**Work instructions**:
I would like the entries transcribed word for word, please, with the pictures removed.

··· Material for the task

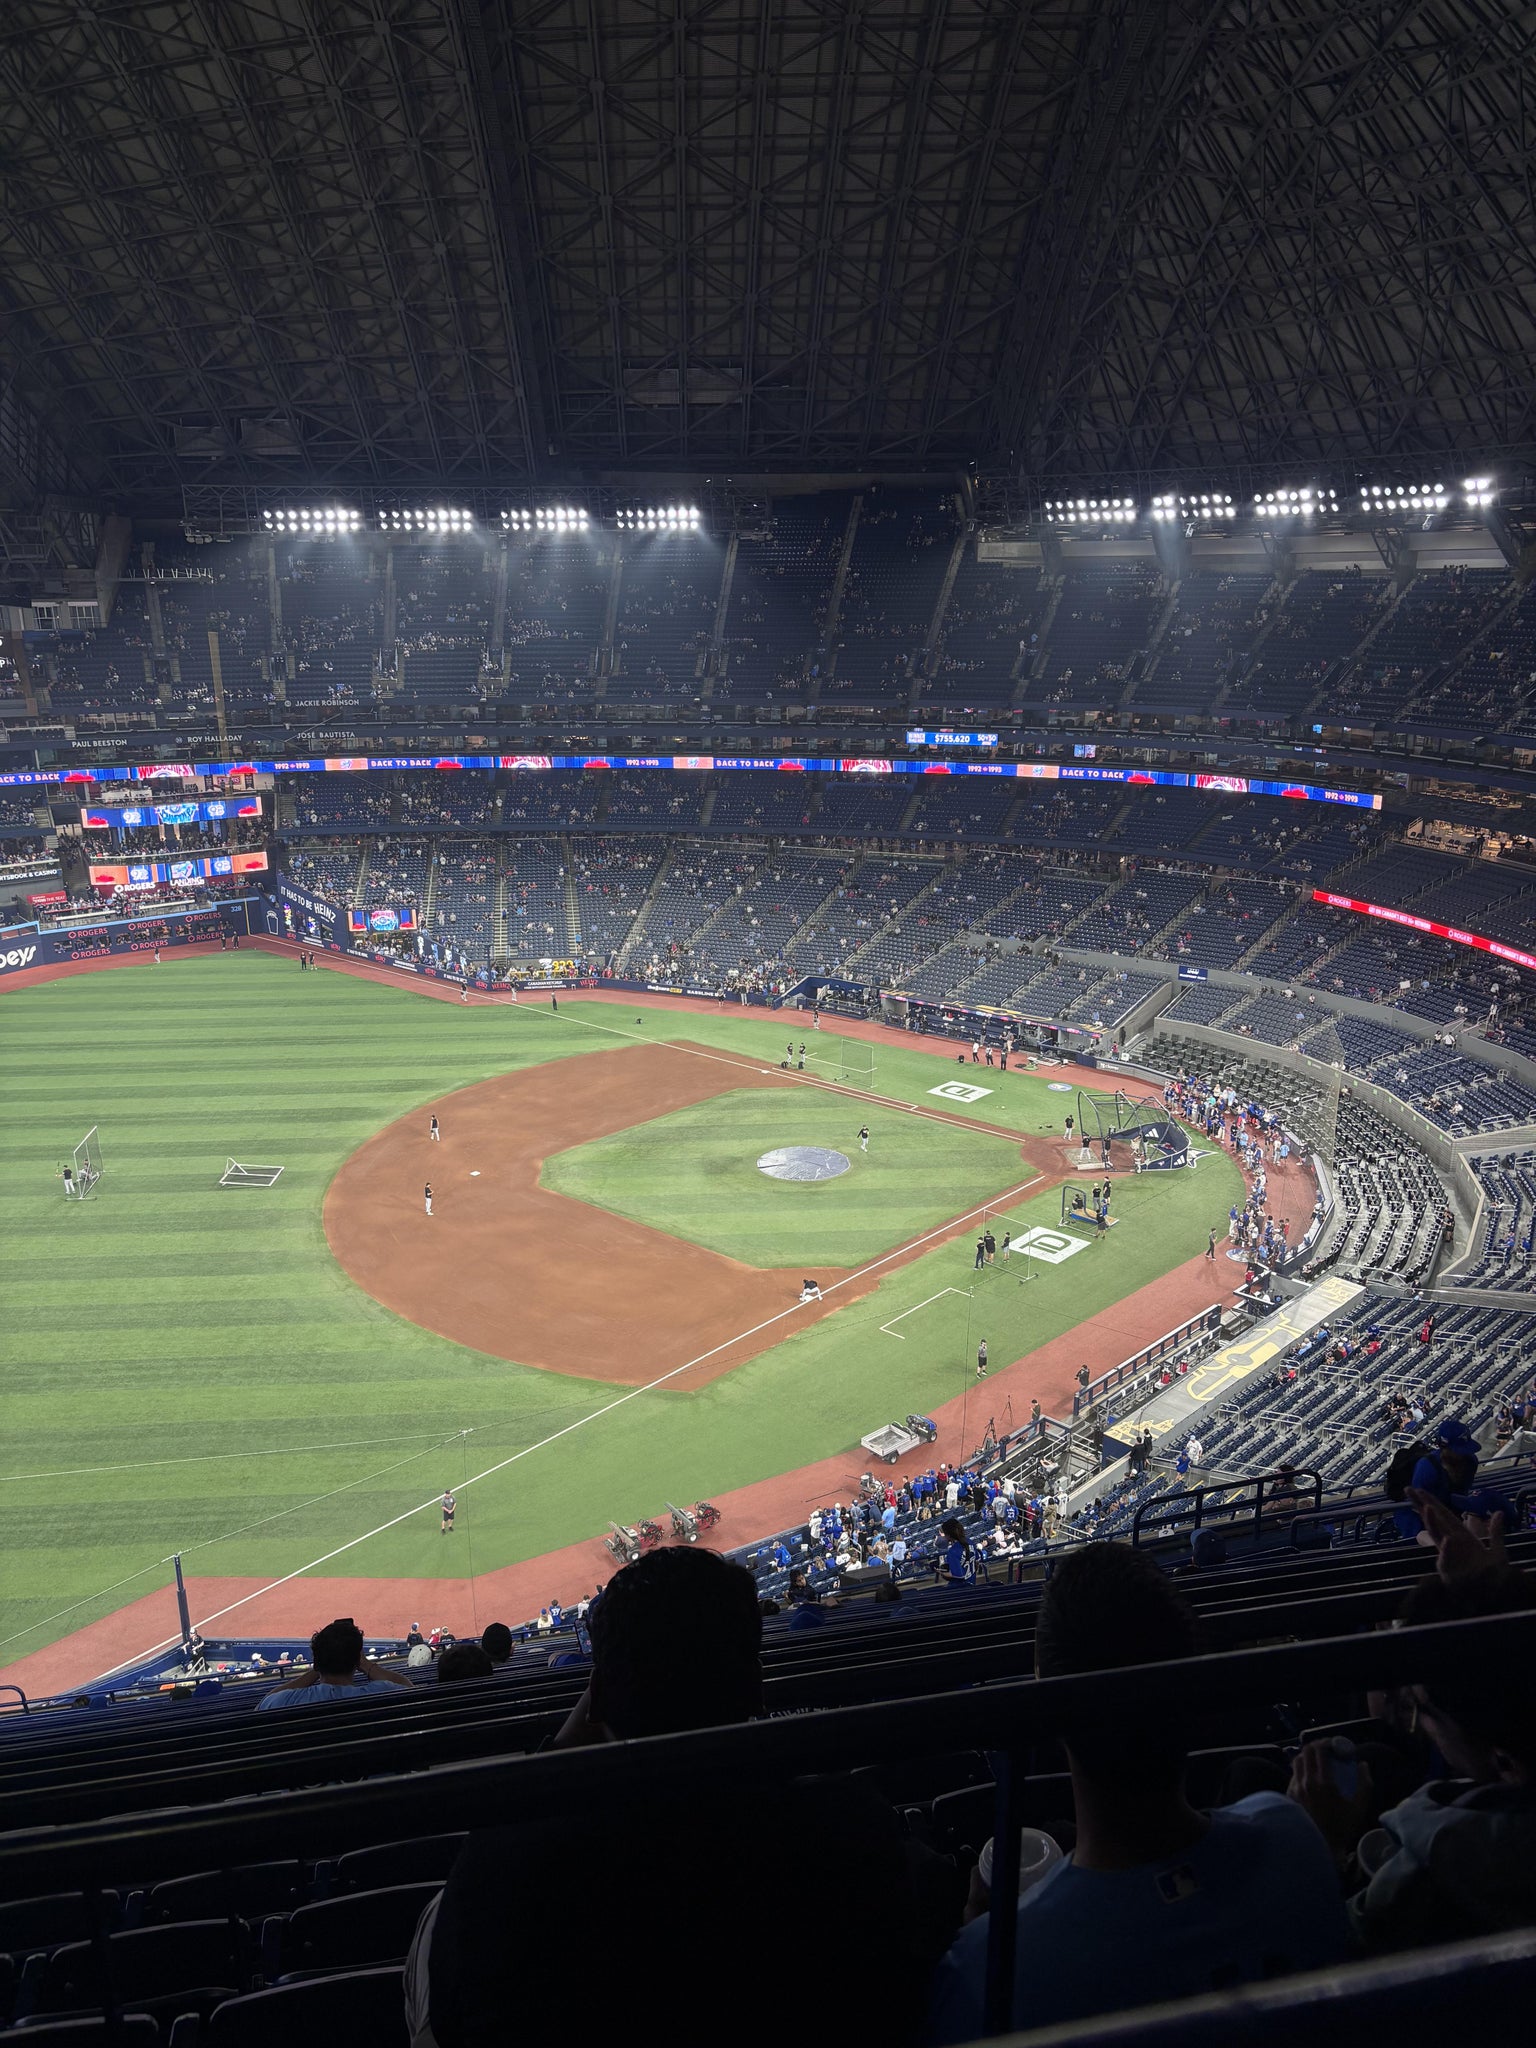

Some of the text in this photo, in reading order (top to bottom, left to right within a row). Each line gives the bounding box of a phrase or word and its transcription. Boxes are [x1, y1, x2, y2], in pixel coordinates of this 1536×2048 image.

[93, 739, 128, 747] BEESTON
[934, 734, 970, 743] $755,620
[753, 760, 775, 768] BACK
[18, 774, 32, 782] TO
[35, 773, 60, 781] BACK
[1062, 769, 1124, 779] BACK TO BACK
[1324, 791, 1359, 803] 1992 1993
[34, 869, 57, 877] CASINO
[124, 882, 156, 892] ROGERS
[286, 889, 298, 902] HAS
[297, 895, 305, 906] TO
[305, 899, 313, 910] BE
[314, 902, 337, 923] HEINZ
[193, 912, 222, 921] ROGERS
[137, 919, 166, 929] ROGERS
[77, 927, 108, 937] ROGERS
[1454, 932, 1473, 943] ROGERS
[139, 939, 169, 949] ROGERS
[80, 947, 111, 958] ROGERS
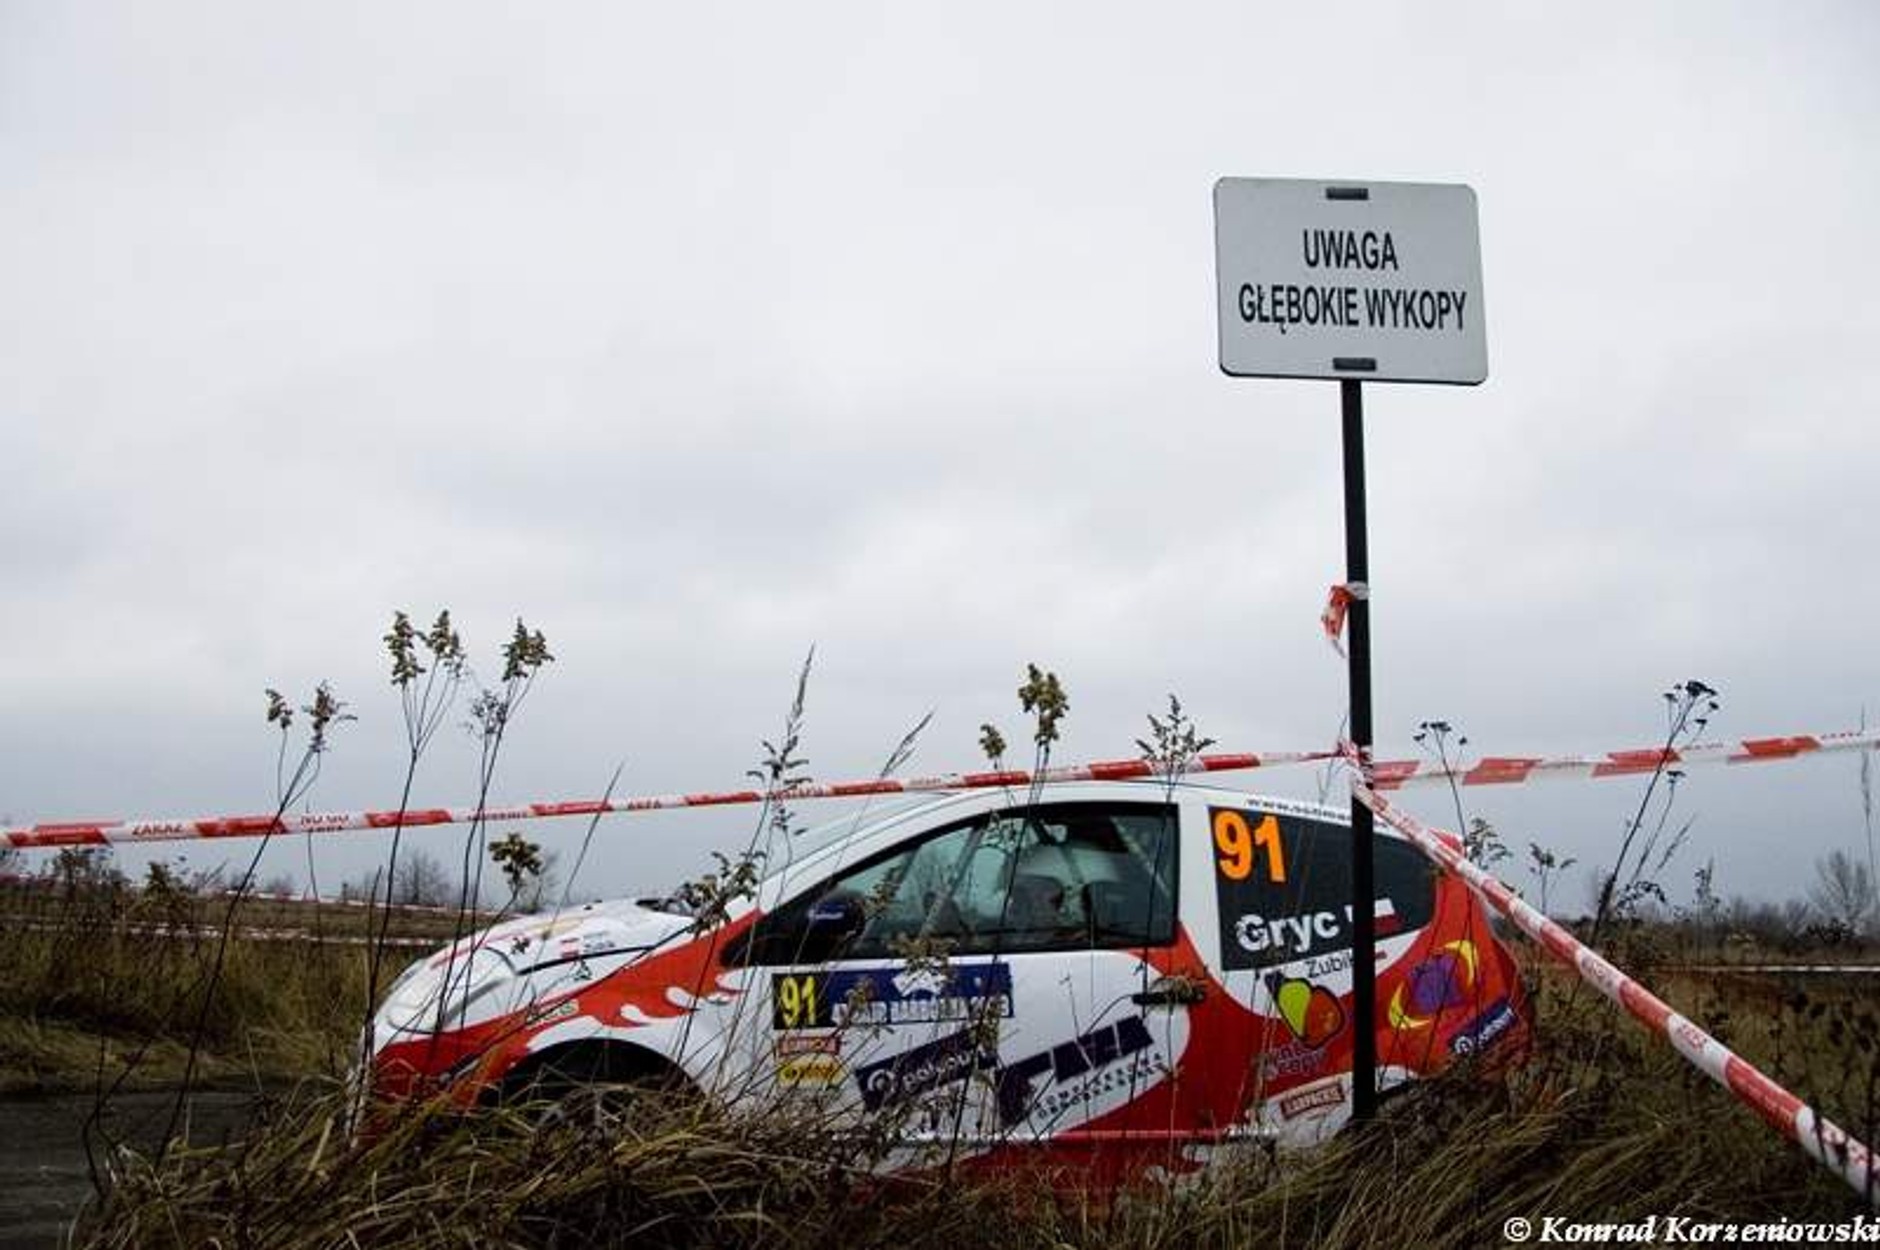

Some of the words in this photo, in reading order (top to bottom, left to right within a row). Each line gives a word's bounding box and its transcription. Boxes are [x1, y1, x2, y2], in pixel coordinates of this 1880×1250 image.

[1303, 229, 1399, 270] UWAGA
[1238, 283, 1360, 334] GŁĘBOKIE
[1365, 288, 1467, 331] WYKOPY
[1213, 810, 1286, 882] 91
[1234, 911, 1341, 952] Gryc
[780, 975, 816, 1028] 91

······

**Response to the task**:
Some of the text in this photo, in reading order (top to bottom, left to right within a row). Each line gives the bounding box of a phrase or word and its transcription. Boxes are [x1, y1, x2, y2], in pixel coordinates of this 1536×2048 image.

[93, 739, 128, 747] BEESTON
[934, 734, 970, 743] $755,620
[753, 760, 775, 768] BACK
[18, 774, 32, 782] TO
[35, 773, 60, 781] BACK
[1062, 769, 1124, 779] BACK TO BACK
[1324, 791, 1359, 803] 1992 1993
[34, 869, 57, 877] CASINO
[124, 882, 156, 892] ROGERS
[286, 889, 298, 902] HAS
[297, 895, 305, 906] TO
[305, 899, 313, 910] BE
[314, 902, 337, 923] HEINZ
[193, 912, 222, 921] ROGERS
[137, 919, 166, 929] ROGERS
[77, 927, 108, 937] ROGERS
[1454, 932, 1473, 943] ROGERS
[139, 939, 169, 949] ROGERS
[80, 947, 111, 958] ROGERS

Some of the words in this photo, in reading order (top to bottom, left to right within a row). Each line gives a word's bounding box and its transcription. Boxes are [x1, y1, x2, y2], in pixel coordinates of this 1880×1250 image.

[1303, 229, 1399, 270] UWAGA
[1238, 283, 1360, 334] GŁĘBOKIE
[1365, 288, 1467, 331] WYKOPY
[1213, 810, 1286, 882] 91
[1234, 911, 1341, 952] Gryc
[780, 975, 816, 1028] 91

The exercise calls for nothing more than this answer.